Vietnam hopes to curb dengue fever as vaccine proves effective in trial
Thanh Nien News French pharmaceutical company Sanofi is expected to distribute a new dengue fever vaccine in Vietnam soon, after last-phase trials found the drug effective on subjects from 9 years old.
| A doctor checks a boy infected with dengue fever at a hospital in Ho Chi Minh City. Photo: Hoang Nhung/TBKTSG |
Phan Trong Lan, head of Pasteur Institute in Ho Chi Minh City, said the vaccine can prevent infection on 66 percent of the participants and reduce the number of severe cases by 93 percent. The effectivity is weaker on children below 9 as the vaccine can only protect 44 percent of them from the virus and reduce 67 percent of severe cases, he said. The institute has cooperated with Sanofi Pasteur, the vaccine arm of the company, to test the drug on children in Vietnam the past five years. Lan said the side effects of the vaccine were similar or milder than vaccines for other diseases and that there have been no severe complications recorded during the trial period. Nearly 2,350 children ranging from two and 14 years of age from the Mekong Delta participated in the clinical trial program from 2011, with parental approval. Vietnam's health ministry signed up for the program, hoping to find an effective protective measure against the world's fastest growing tropical disease, which is the biggest killer out of 28 common infectious diseases in the country. The country is one of five in Asian and ten worldwide participating in the trials. Alarming infections The mosquito-borne disease, which has flu-like symptoms like high fever, nausea and muscular pains, has caused nearly 45,000 infections in the country this year, including 28 deaths. Doctors said the disease is in its peak year of a three to five year cycle and the number of patients has surpassed "alarming" levels in recent weeks. Ho Chi Minh City has reported the highest number of patients, with nearly 10,700 admitted to hospitals as of October 1, up 80 percent from the same period last year. Its inpatients on a weekly basis in August and September were around 600. Two of its infected children and three adults have died.
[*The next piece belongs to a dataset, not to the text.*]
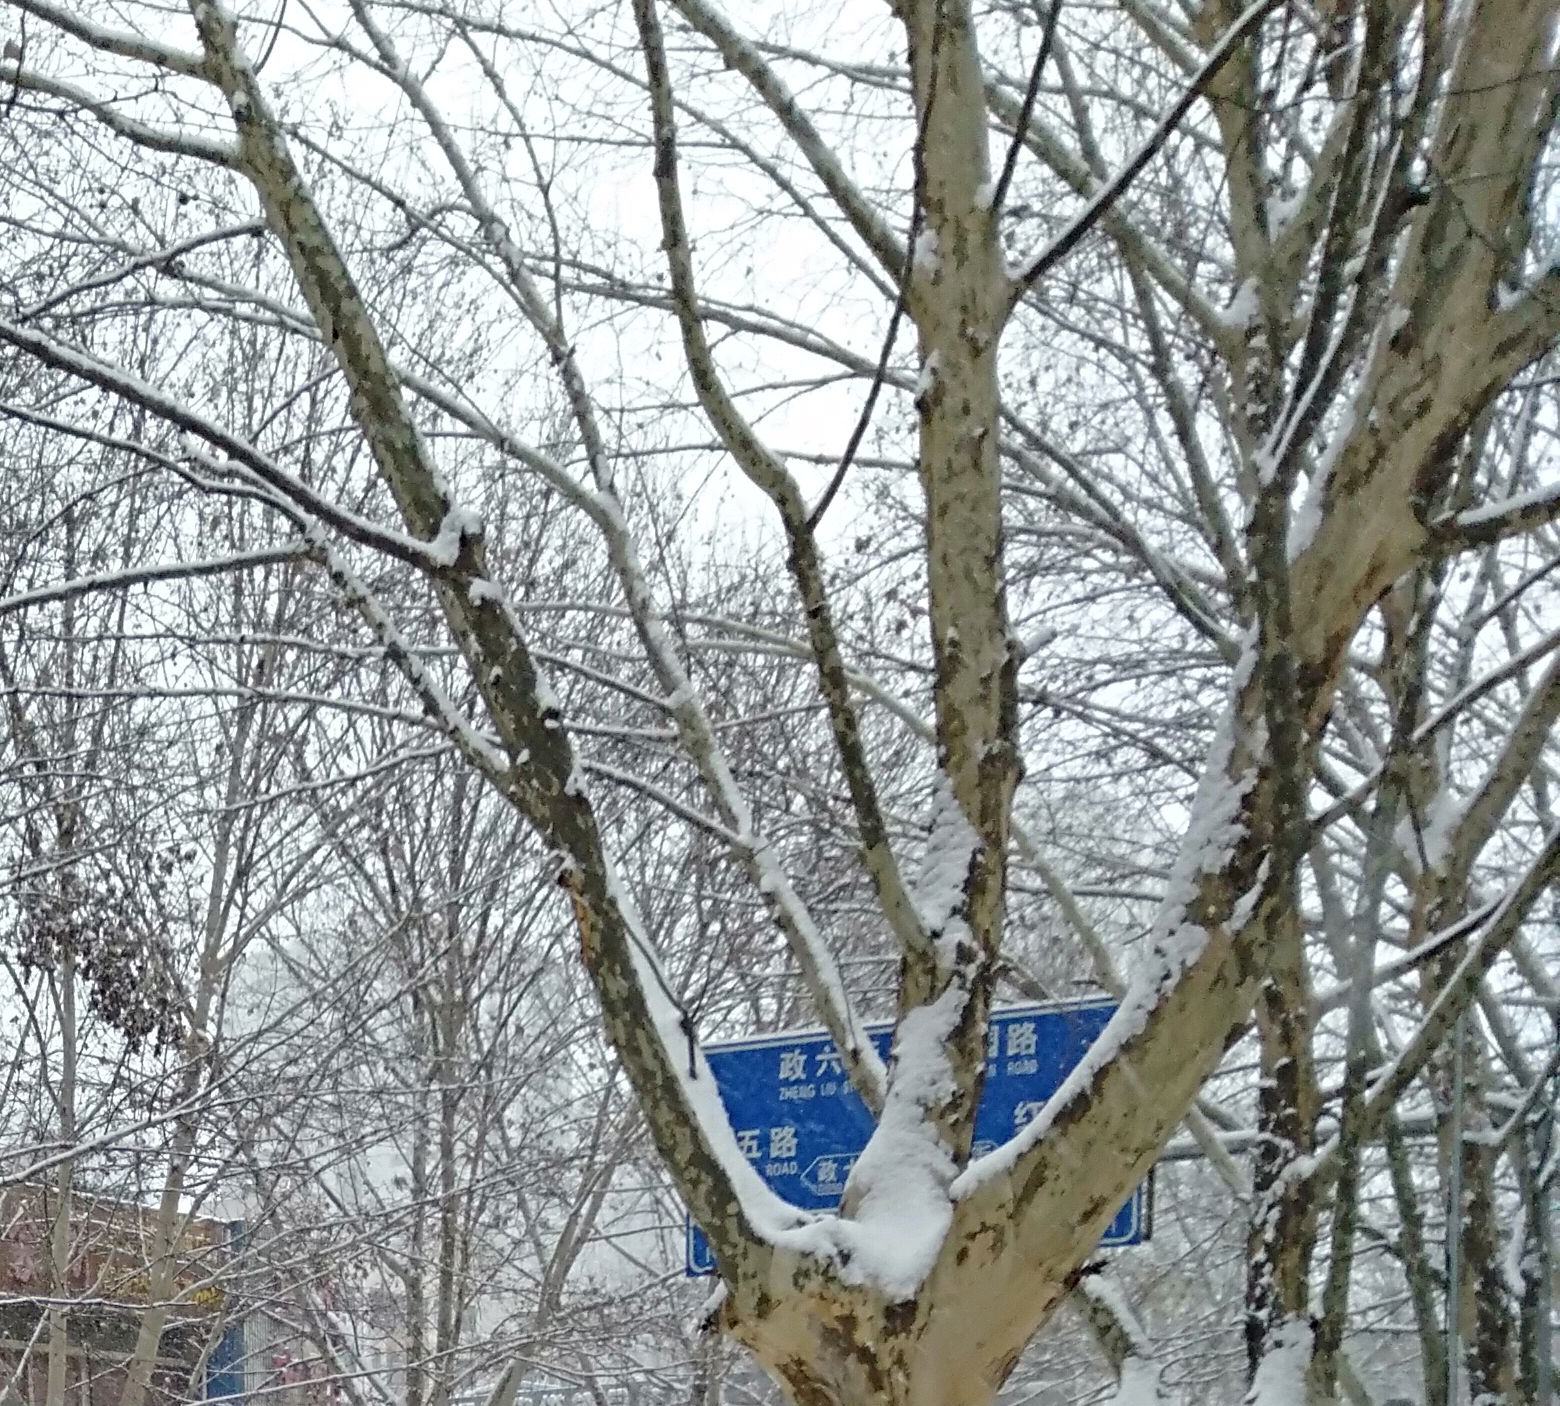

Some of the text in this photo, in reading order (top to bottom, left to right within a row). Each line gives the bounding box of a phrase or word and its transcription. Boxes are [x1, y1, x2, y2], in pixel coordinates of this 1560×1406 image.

[778, 1084, 817, 1101] ZHENG
[736, 1126, 799, 1160] 五路
[765, 1161, 799, 1178] ROAD
Doctors said that this year has seen a very large number of adult infections. "Adults are even more vulnerable to complications such as excessive bleeding and heart and liver conditions," doctor Nguyen Van Vinh Chau, director of Ho Chi Minh Tropical Diseases Hospital said, as cited by Doi Song & Phap Luat. Other disease-prone areas are Dong Nai and Binh Duong provinces near HCMC, Hanoi, and Khanh Hoa Province in central Vietnam. Doctors said the outbreak could last until the end of November.